Prof Gorman is working with the Air Line Pilots' Association, trying to amend the Civil Aviation Bill before Parliament that aims to modernise a suite of laws that are 30 years old.
"If I'm a pilot, I don't want to be targeted for something that's not a big deal," he said.
"But if something is important, I want it to be managed expeditiously and openly and in a way in which... I fully participate in sorting out my risks."
Prof Gorman is not hopeful. CAA was a clumsy bureaucracy too captured by the medical and aviation industries to move, he said.
'This really upset me this case' - Aircraft Owners and Pilots Association
The Aircraft Owners and Pilots Association echoes that. It only recently succeeded after a decade-long struggle with CAA to improve how recreational pilots get medical clearance, said president Stephen Brown.
A GP in Rangiora, Brown cites cases he knows of personally, of a pilot grounded after being prescribed anti-depressants, though he was only slightly down, and CAA finding out, and another put under restrictions after alcohol testing that Brown said was unfair.
He read the Lindsay 55-page court ruling about how the CAA's medical officers appeared "primed to overreact" due to international talk about the risks of homicide-suicide flights, though these are very rare.

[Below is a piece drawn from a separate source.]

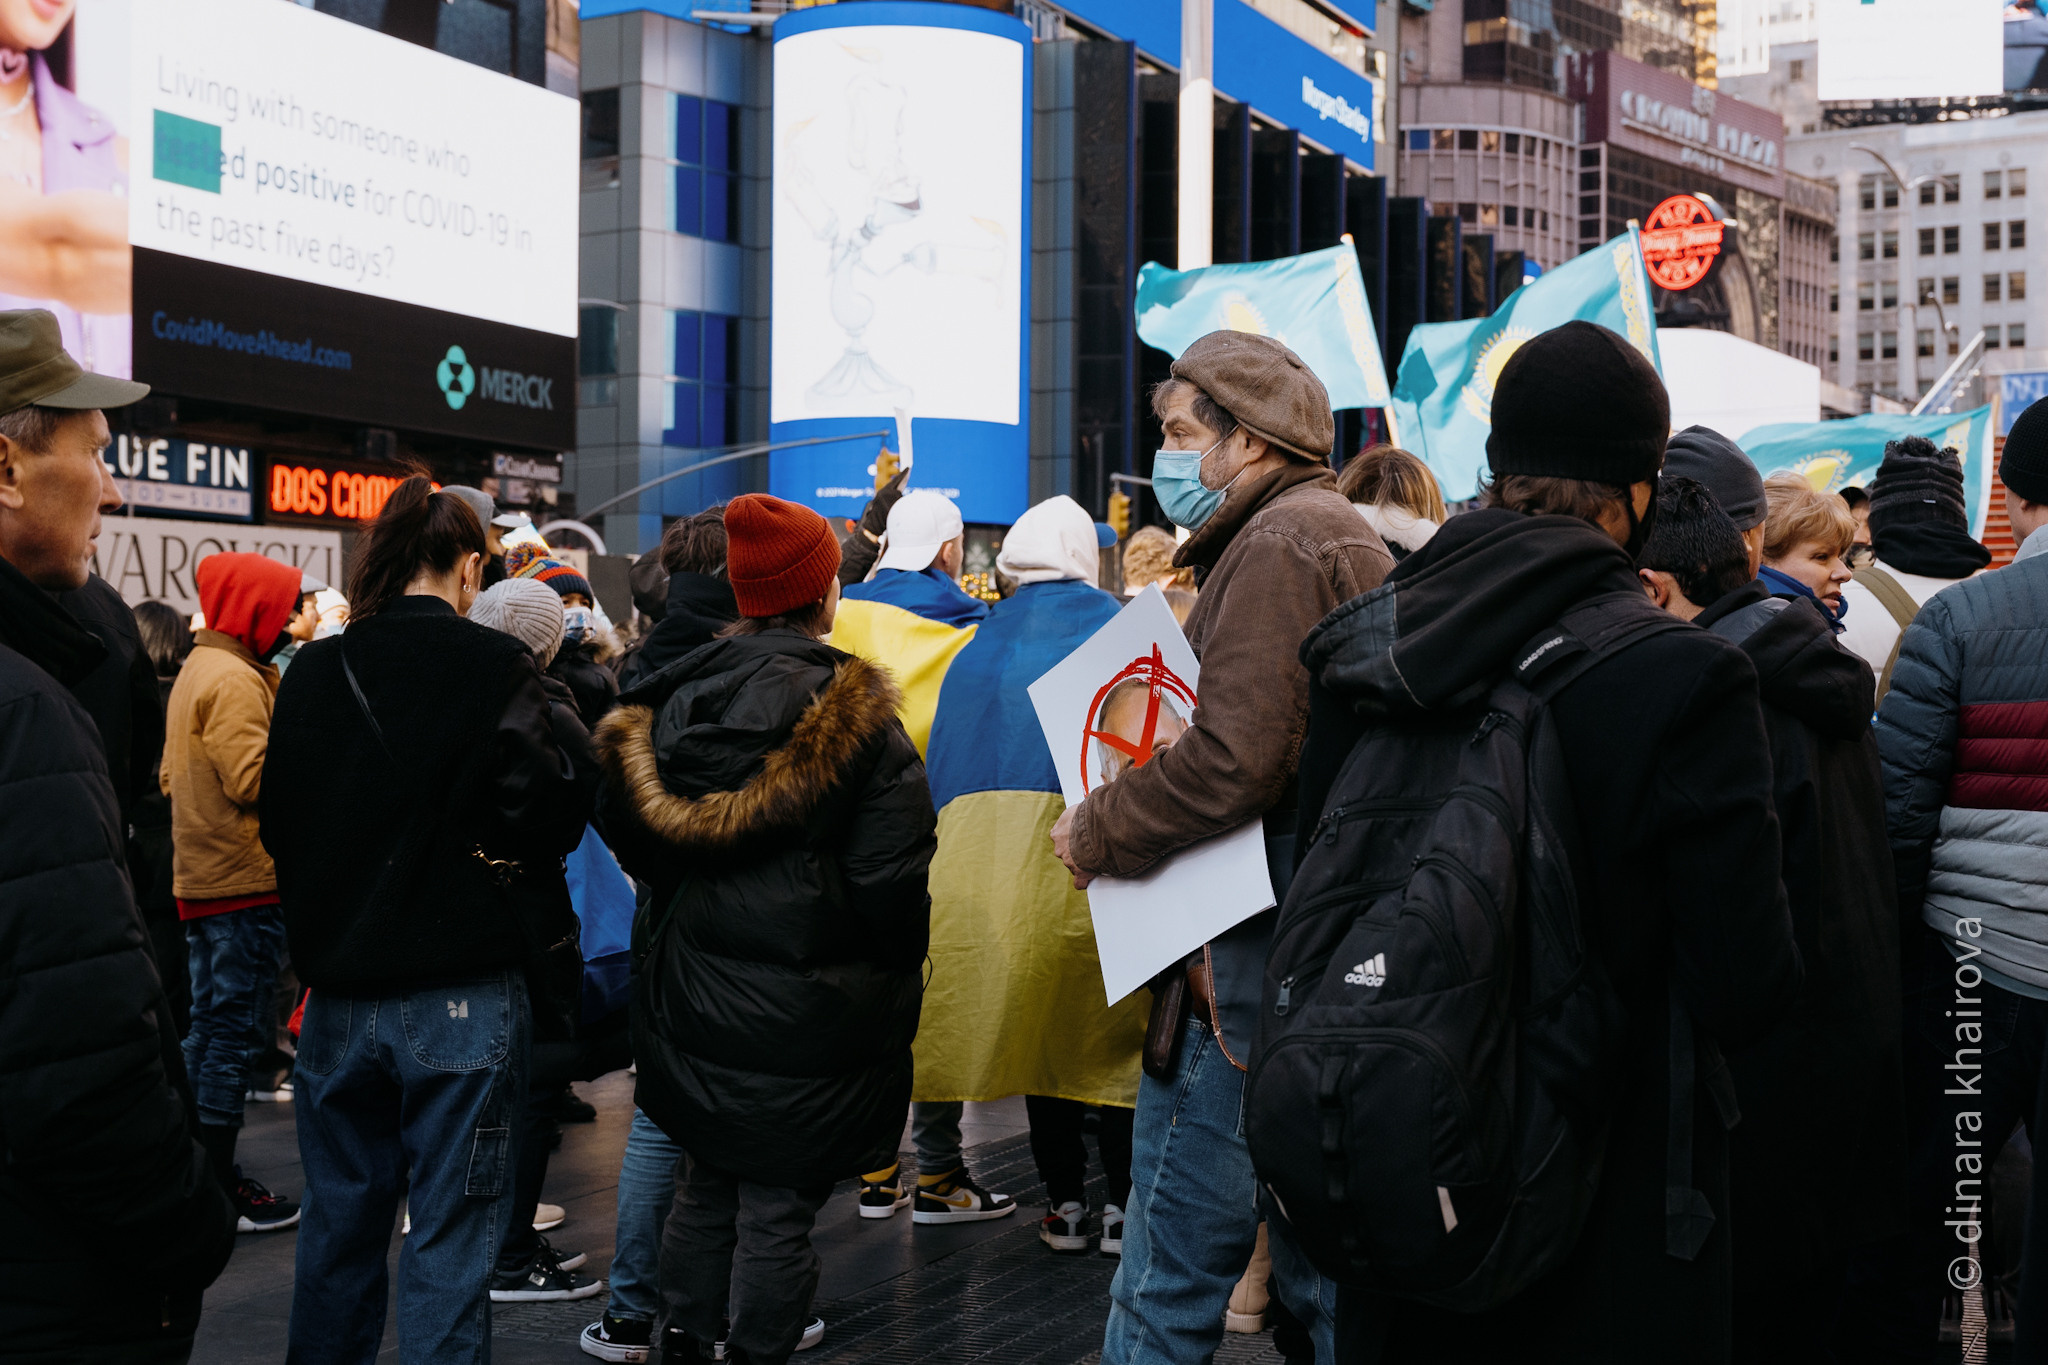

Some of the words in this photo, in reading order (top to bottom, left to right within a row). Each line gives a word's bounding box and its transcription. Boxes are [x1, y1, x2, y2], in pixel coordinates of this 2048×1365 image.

"They do a lot of talking with other jurisdictions around the world, and they have ... flags that they're looking for," he said.
"But the red flags were very small in this one, and if you talk to people enough, long enough, you will find red flags in everybody.
"So this really upset me this case ... just how it destroys a person's life.
"Luckily, Mr Lindsay was of a strong character, and ... has now put all of that personal stuff out in the public domain, allowing other people to learn from his experiences and hopefully CAA to implement some change."
'Robust' medical decisions
CAA defends its medical certification processes as "robust".
It cites the fact the "vast majority" of its decisions get upheld on appeal: In fact, just seven out of 180 appeals by pilots in the last decade were upheld by the convenors that CAA uses.
Brown reads this entirely differently.
"The convenor process is, in my mind, fraught with danger. It almost always sides with CAA," he said.
"I imagine they have a bias in favour of the regulator."
His association, as well as the Air Line Pilots' Association, and commercial group Aviation New Zealand, are all now pushing for an independent tribunal that pilots could appeal to, but the new Civil Aviation Bill does not allow for it.
Graham Lindsay had a stroke 18 months ago and no longer flies. He was cautioned by some colleagues against taking on a government department, but he could not give up, he said.
Civil Aviation had to start listening and learning. "At the moment, there's not a lot of trust," he said.